• _TASK DESCRIPTION_
Reproduce the listing word for word, leaving every picture behind.

┌──

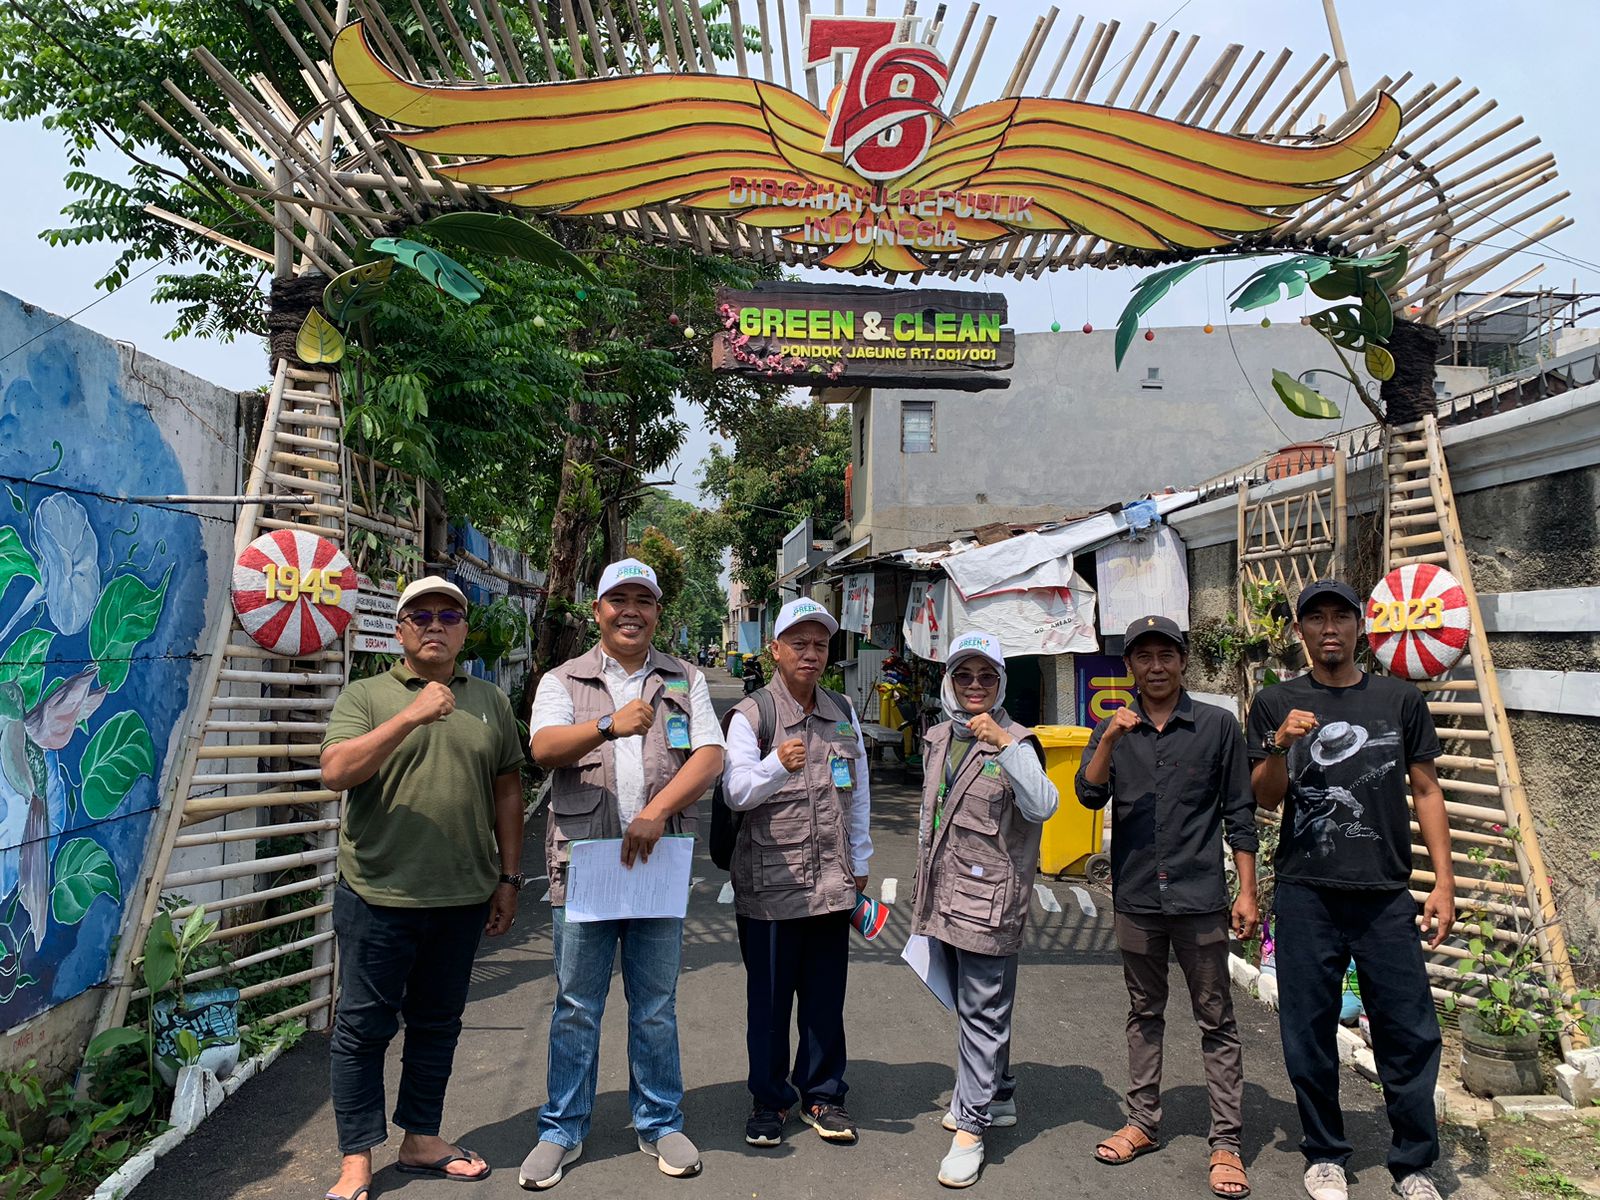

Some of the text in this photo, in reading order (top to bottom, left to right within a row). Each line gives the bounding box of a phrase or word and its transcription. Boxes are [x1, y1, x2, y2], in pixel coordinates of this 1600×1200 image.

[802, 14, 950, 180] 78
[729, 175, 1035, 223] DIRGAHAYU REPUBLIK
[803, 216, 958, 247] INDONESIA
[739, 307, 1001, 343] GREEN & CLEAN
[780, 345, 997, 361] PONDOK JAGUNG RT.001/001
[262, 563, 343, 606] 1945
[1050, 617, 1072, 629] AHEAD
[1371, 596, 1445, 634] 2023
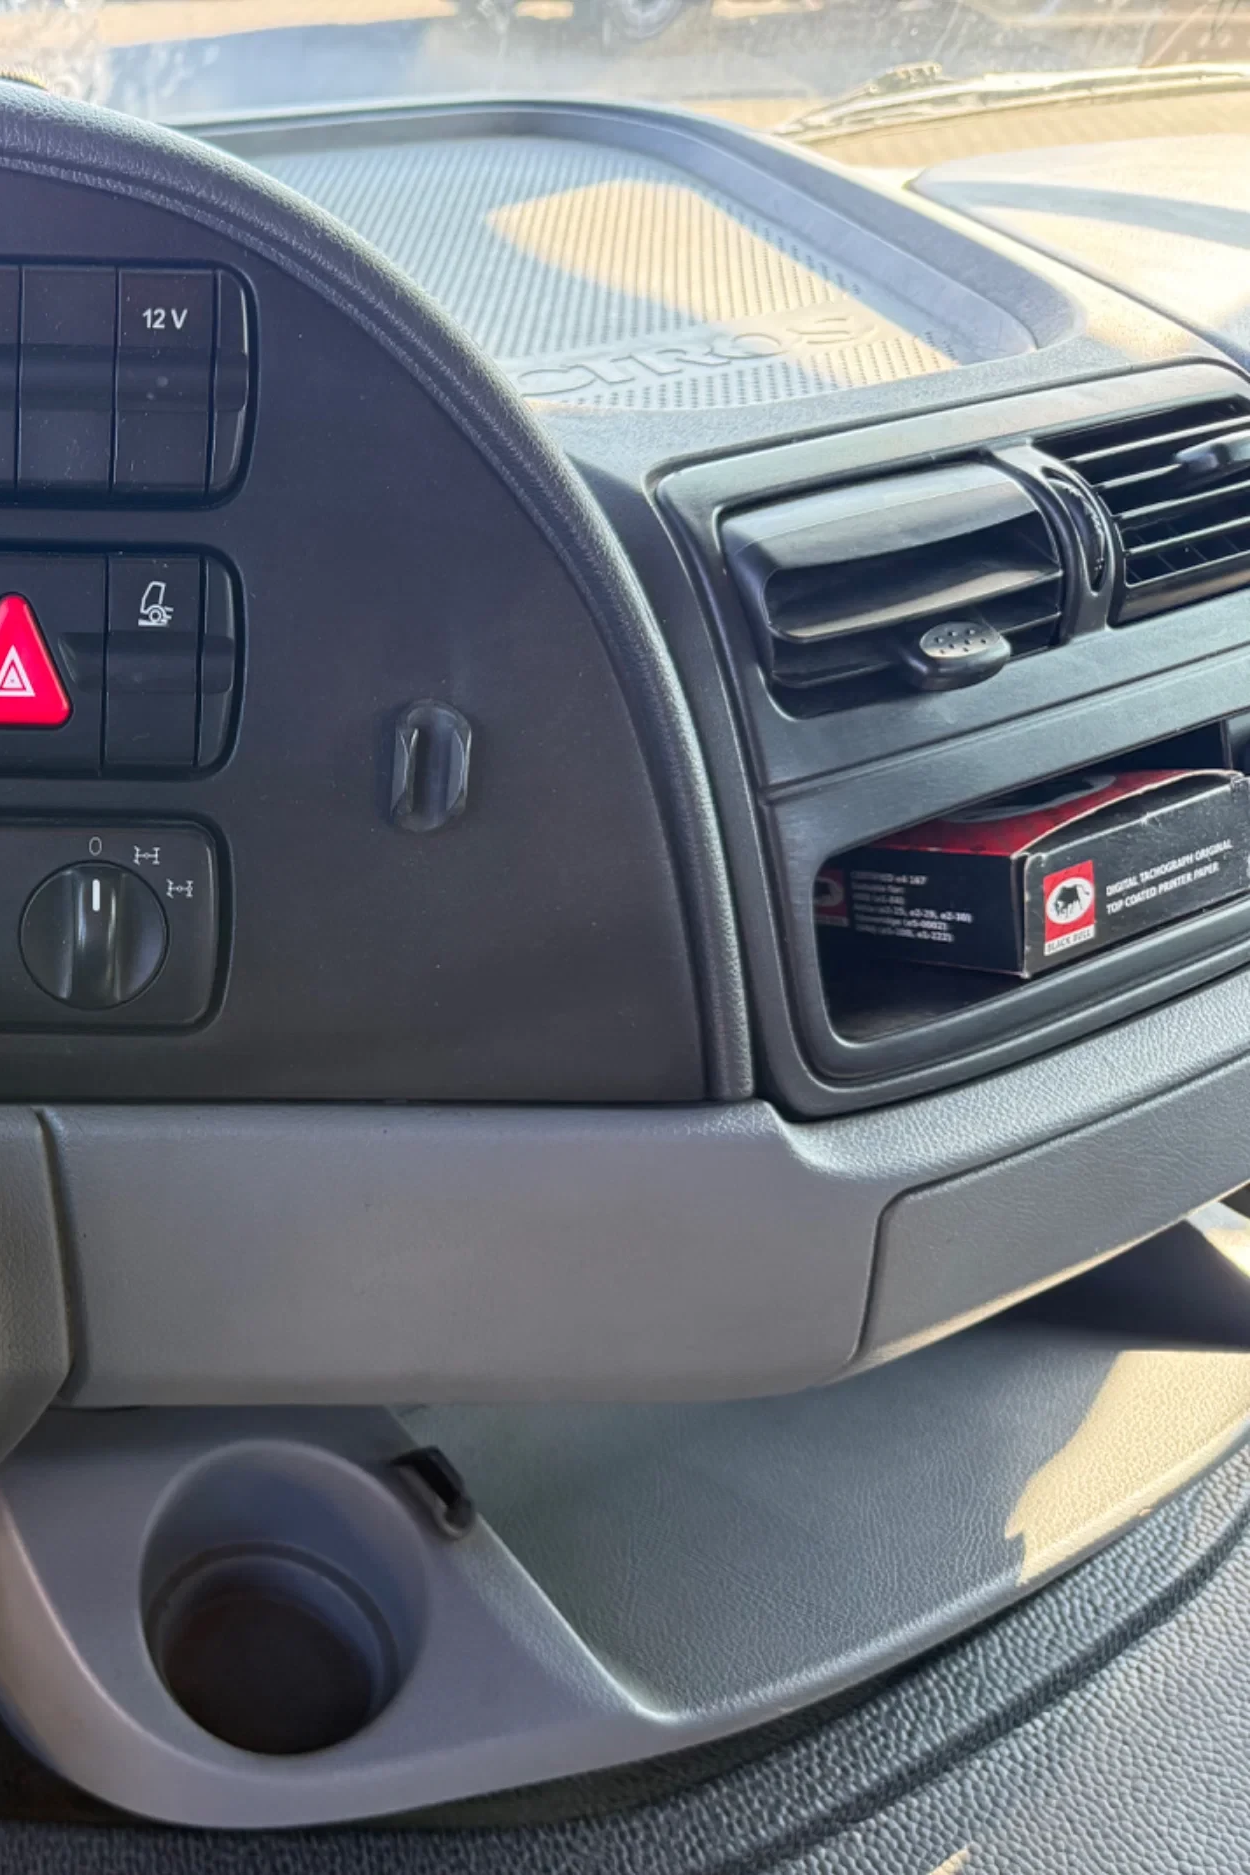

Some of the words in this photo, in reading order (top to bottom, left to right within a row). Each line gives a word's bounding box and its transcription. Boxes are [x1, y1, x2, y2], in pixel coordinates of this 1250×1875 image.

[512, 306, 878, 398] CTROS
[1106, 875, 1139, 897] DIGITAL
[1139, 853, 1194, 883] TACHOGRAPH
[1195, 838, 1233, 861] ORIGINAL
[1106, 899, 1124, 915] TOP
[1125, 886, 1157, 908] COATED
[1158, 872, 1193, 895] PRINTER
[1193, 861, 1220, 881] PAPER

└──

• _ANSWER AREA_
Some of the text in this photo, in reading order (top to bottom, left to right within a row). Each line gives the bounding box of a phrase or word and its transcription. Boxes are [x1, y1, x2, y2], in pixel coordinates of this 1600×1200 image.

[802, 14, 950, 180] 78
[729, 175, 1035, 223] DIRGAHAYU REPUBLIK
[803, 216, 958, 247] INDONESIA
[739, 307, 1001, 343] GREEN & CLEAN
[780, 345, 997, 361] PONDOK JAGUNG RT.001/001
[262, 563, 343, 606] 1945
[1050, 617, 1072, 629] AHEAD
[1371, 596, 1445, 634] 2023

Some of the words in this photo, in reading order (top to bottom, left to right within a row). Each line gives a word's bounding box and its transcription. Boxes are [x1, y1, x2, y2], in pixel coordinates of this 1250×1875 image.

[512, 306, 878, 398] CTROS
[1106, 875, 1139, 897] DIGITAL
[1139, 853, 1194, 883] TACHOGRAPH
[1195, 838, 1233, 861] ORIGINAL
[1106, 899, 1124, 915] TOP
[1125, 886, 1157, 908] COATED
[1158, 872, 1193, 895] PRINTER
[1193, 861, 1220, 881] PAPER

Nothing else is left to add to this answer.